--- START ---

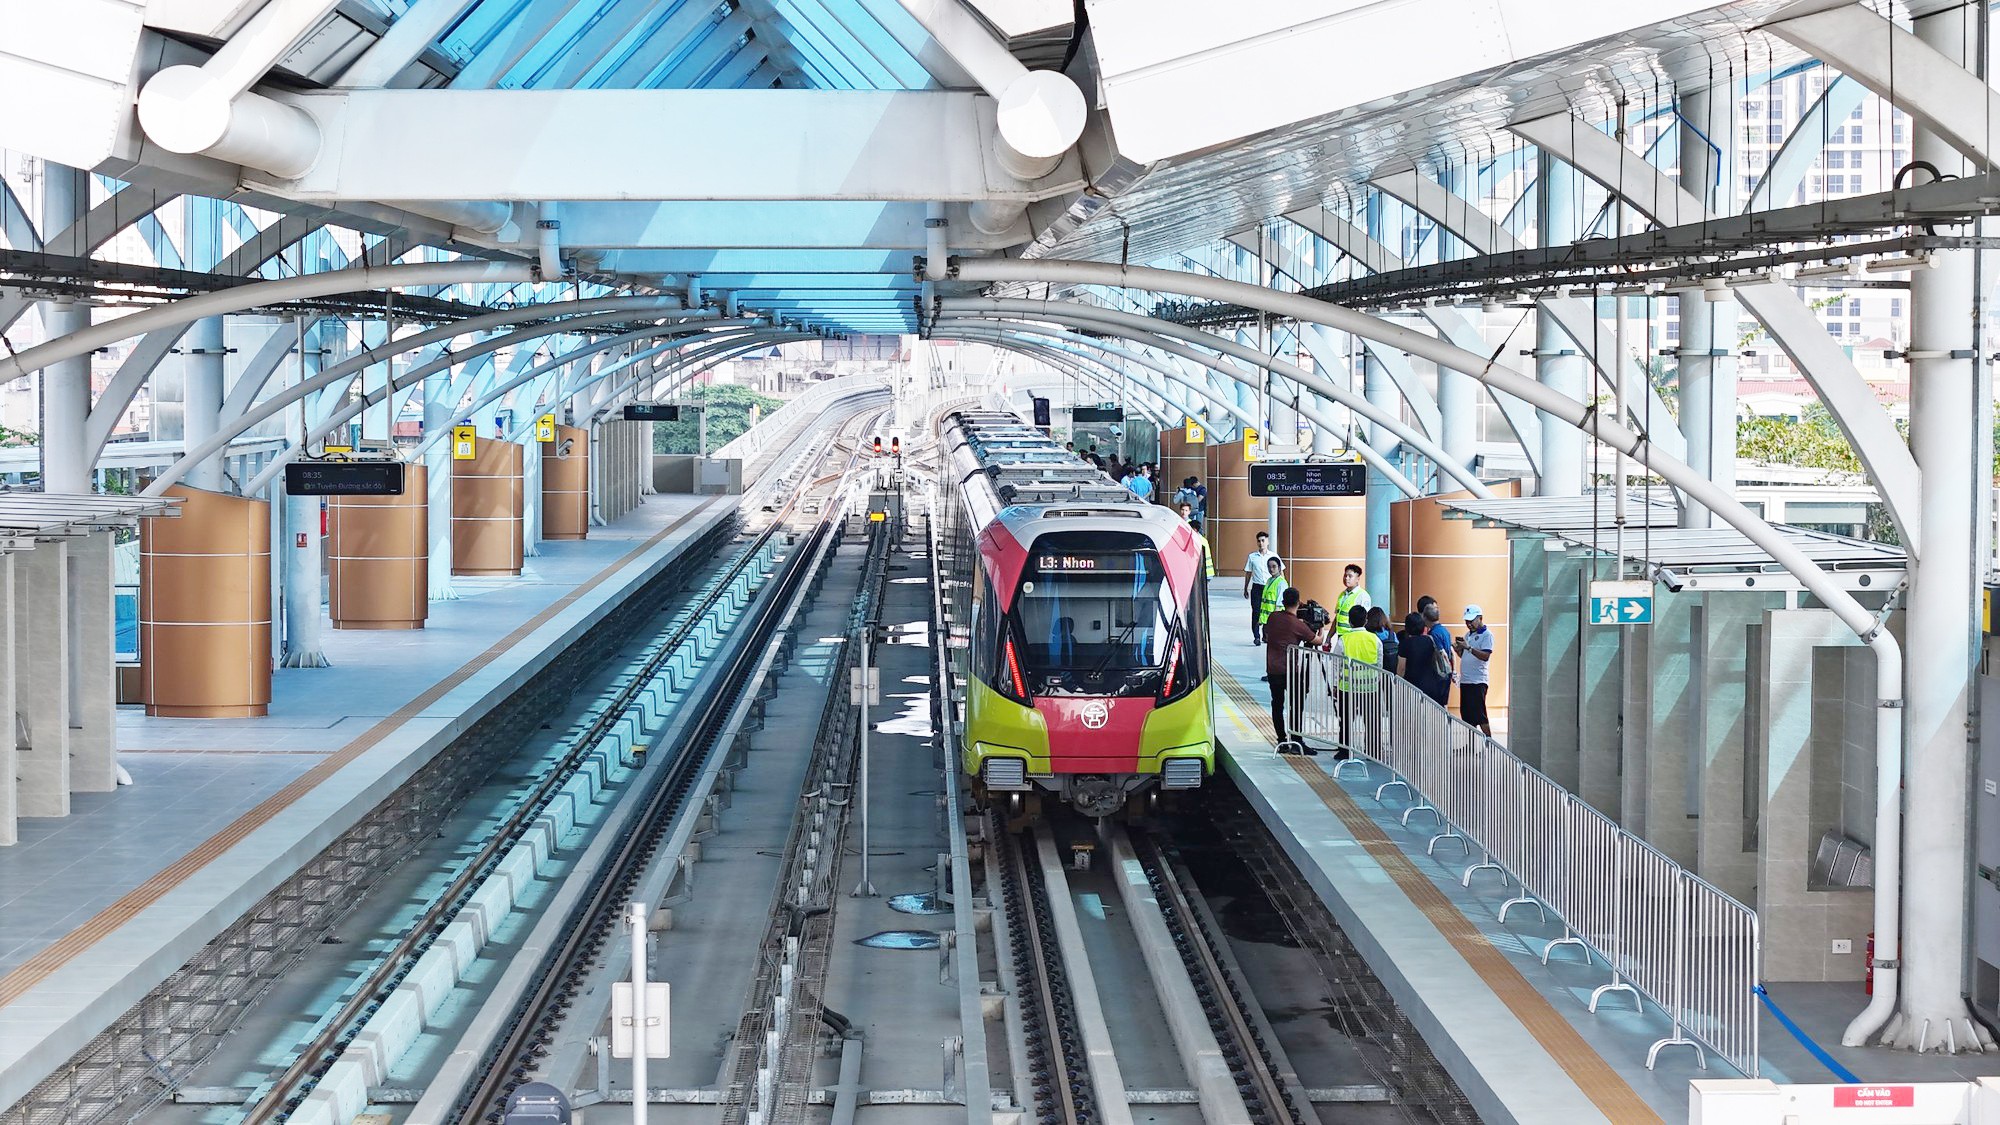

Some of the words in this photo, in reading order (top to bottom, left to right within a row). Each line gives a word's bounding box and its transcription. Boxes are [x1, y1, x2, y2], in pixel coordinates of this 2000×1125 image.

[302, 471, 322, 479] 08:35
[1281, 484, 1300, 492] Tuyến
[1039, 556, 1058, 568] L3:
[1062, 556, 1094, 568] Nhon
[1857, 1087, 1874, 1097] CẤM
[1875, 1087, 1891, 1097] VÀO

--- END ---

> **WORK ITEM**
Retype the data above as given, letting no picture into the copy.

> **SOLUTION FOR THIS EXERCISE**
Some of the words in this photo, in reading order (top to bottom, left to right within a row). Each line gives a word's bounding box and its transcription. Boxes are [x1, y1, x2, y2], in pixel coordinates of this 2000×1125 image.

[302, 471, 322, 479] 08:35
[1281, 484, 1300, 492] Tuyến
[1039, 556, 1058, 568] L3:
[1062, 556, 1094, 568] Nhon
[1857, 1087, 1874, 1097] CẤM
[1875, 1087, 1891, 1097] VÀO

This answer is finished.